Hand back all of the records exactly as they read.

+++

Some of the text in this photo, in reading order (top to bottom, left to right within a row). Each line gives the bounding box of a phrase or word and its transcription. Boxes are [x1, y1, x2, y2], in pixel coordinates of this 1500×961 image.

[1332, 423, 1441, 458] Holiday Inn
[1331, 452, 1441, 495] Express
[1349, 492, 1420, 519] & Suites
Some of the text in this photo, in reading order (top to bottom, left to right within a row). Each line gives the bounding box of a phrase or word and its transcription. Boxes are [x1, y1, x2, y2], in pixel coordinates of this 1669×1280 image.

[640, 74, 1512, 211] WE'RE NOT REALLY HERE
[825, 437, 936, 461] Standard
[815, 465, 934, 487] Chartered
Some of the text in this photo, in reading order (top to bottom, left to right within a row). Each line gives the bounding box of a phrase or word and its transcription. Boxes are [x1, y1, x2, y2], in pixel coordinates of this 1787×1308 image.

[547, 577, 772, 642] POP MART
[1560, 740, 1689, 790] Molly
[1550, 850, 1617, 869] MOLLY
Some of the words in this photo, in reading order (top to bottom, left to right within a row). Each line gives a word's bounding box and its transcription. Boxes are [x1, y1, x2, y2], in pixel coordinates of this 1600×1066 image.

+++

*Your solution*.
Some of the text in this photo, in reading order (top to bottom, left to right within a row). Each line gives the bounding box of a phrase or word and its transcription. Boxes are [x1, y1, x2, y2], in pixel coordinates of this 1500×961 image.

[1332, 423, 1441, 458] Holiday Inn
[1331, 452, 1441, 495] Express
[1349, 492, 1420, 519] & Suites
Some of the text in this photo, in reading order (top to bottom, left to right within a row). Each line gives the bounding box of a phrase or word and its transcription. Boxes are [x1, y1, x2, y2], in pixel coordinates of this 1669×1280 image.

[640, 74, 1512, 211] WE'RE NOT REALLY HERE
[825, 437, 936, 461] Standard
[815, 465, 934, 487] Chartered
Some of the text in this photo, in reading order (top to bottom, left to right within a row). Each line gives the bounding box of a phrase or word and its transcription. Boxes are [x1, y1, x2, y2], in pixel coordinates of this 1787×1308 image.

[547, 577, 772, 642] POP MART
[1560, 740, 1689, 790] Molly
[1550, 850, 1617, 869] MOLLY
Some of the words in this photo, in reading order (top to bottom, left to right within a row). Each line gives a word's bounding box and its transcription. Boxes are [x1, y1, x2, y2], in pixel coordinates of this 1600×1066 image.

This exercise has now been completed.